After locating the line with "this 1600×1066 image.", reproduce that line and every one following it exactly, up to the end of the entries.

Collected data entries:
════
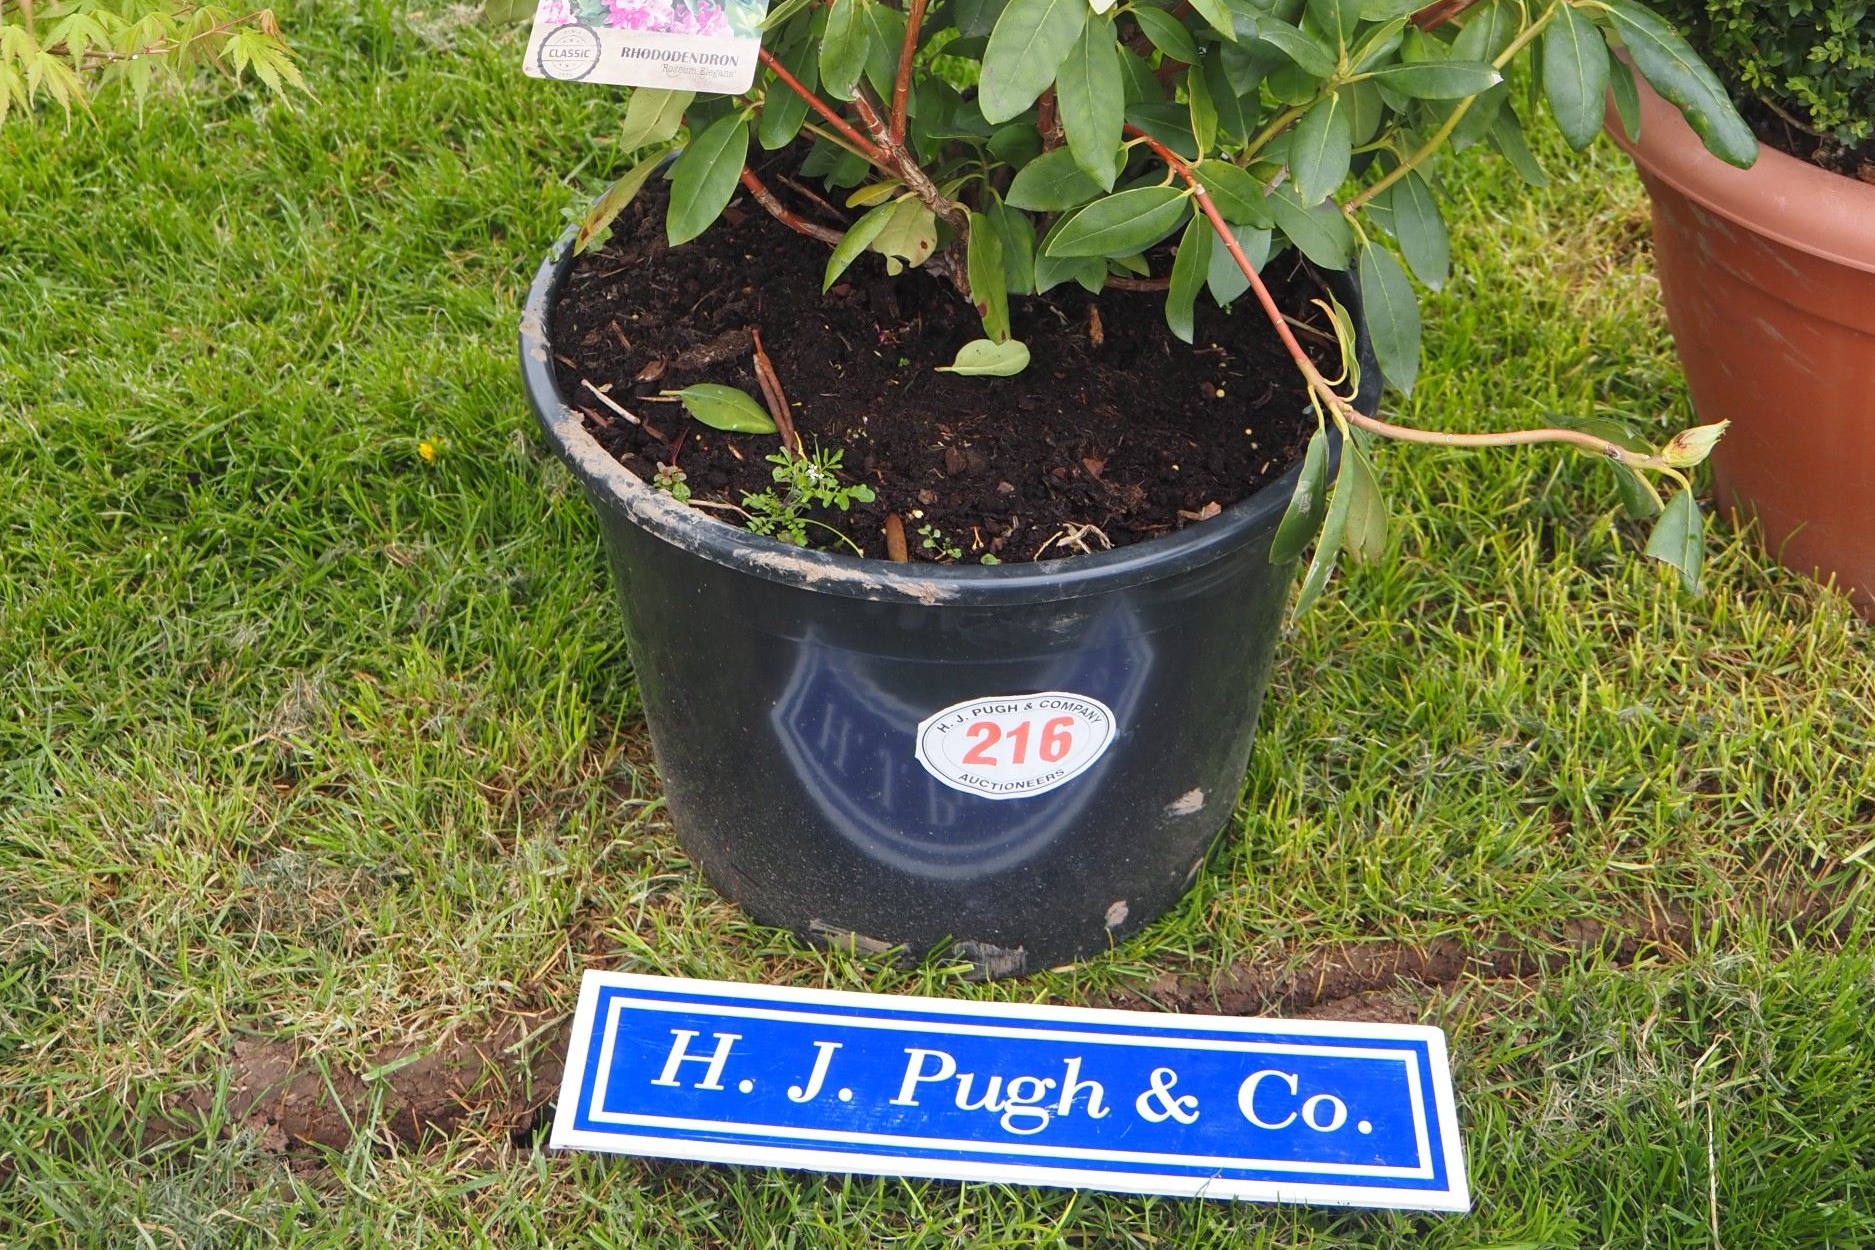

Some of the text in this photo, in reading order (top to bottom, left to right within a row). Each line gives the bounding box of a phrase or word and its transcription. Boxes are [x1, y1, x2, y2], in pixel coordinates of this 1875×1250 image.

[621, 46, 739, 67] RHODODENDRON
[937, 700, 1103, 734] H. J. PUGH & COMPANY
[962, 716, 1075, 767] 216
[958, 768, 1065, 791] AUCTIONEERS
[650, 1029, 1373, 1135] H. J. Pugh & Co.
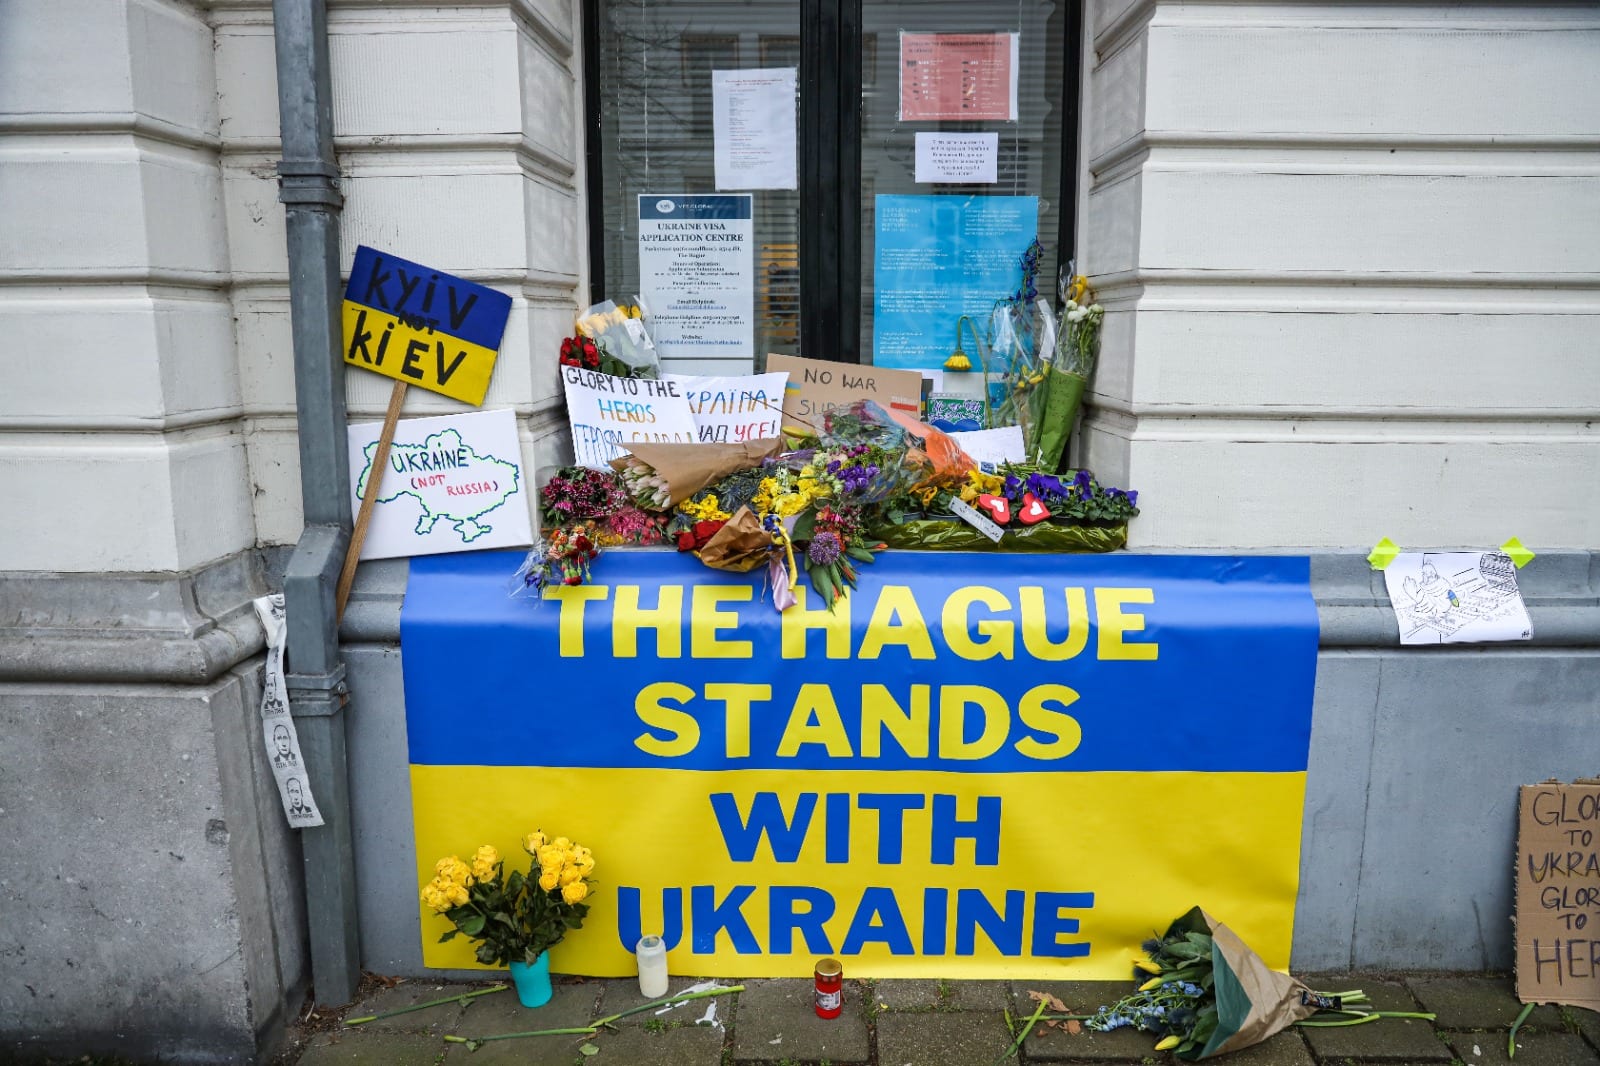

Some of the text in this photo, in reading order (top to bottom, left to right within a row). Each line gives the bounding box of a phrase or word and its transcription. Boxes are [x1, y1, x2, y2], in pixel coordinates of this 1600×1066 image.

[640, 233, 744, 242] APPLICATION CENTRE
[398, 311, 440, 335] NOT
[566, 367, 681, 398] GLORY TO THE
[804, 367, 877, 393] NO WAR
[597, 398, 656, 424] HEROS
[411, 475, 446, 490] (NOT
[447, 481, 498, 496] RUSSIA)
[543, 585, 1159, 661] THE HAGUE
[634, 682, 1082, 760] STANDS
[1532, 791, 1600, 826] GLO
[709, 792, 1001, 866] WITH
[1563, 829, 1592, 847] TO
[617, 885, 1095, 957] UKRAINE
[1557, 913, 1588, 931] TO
════
TASK ANSWER:
Some of the text in this photo, in reading order (top to bottom, left to right within a row). Each line gives the bounding box of a phrase or word and its transcription. Boxes are [x1, y1, x2, y2], in pixel coordinates of this 1600×1066 image.

[640, 233, 744, 242] APPLICATION CENTRE
[398, 311, 440, 335] NOT
[566, 367, 681, 398] GLORY TO THE
[804, 367, 877, 393] NO WAR
[597, 398, 656, 424] HEROS
[411, 475, 446, 490] (NOT
[447, 481, 498, 496] RUSSIA)
[543, 585, 1159, 661] THE HAGUE
[634, 682, 1082, 760] STANDS
[1532, 791, 1600, 826] GLO
[709, 792, 1001, 866] WITH
[1563, 829, 1592, 847] TO
[617, 885, 1095, 957] UKRAINE
[1557, 913, 1588, 931] TO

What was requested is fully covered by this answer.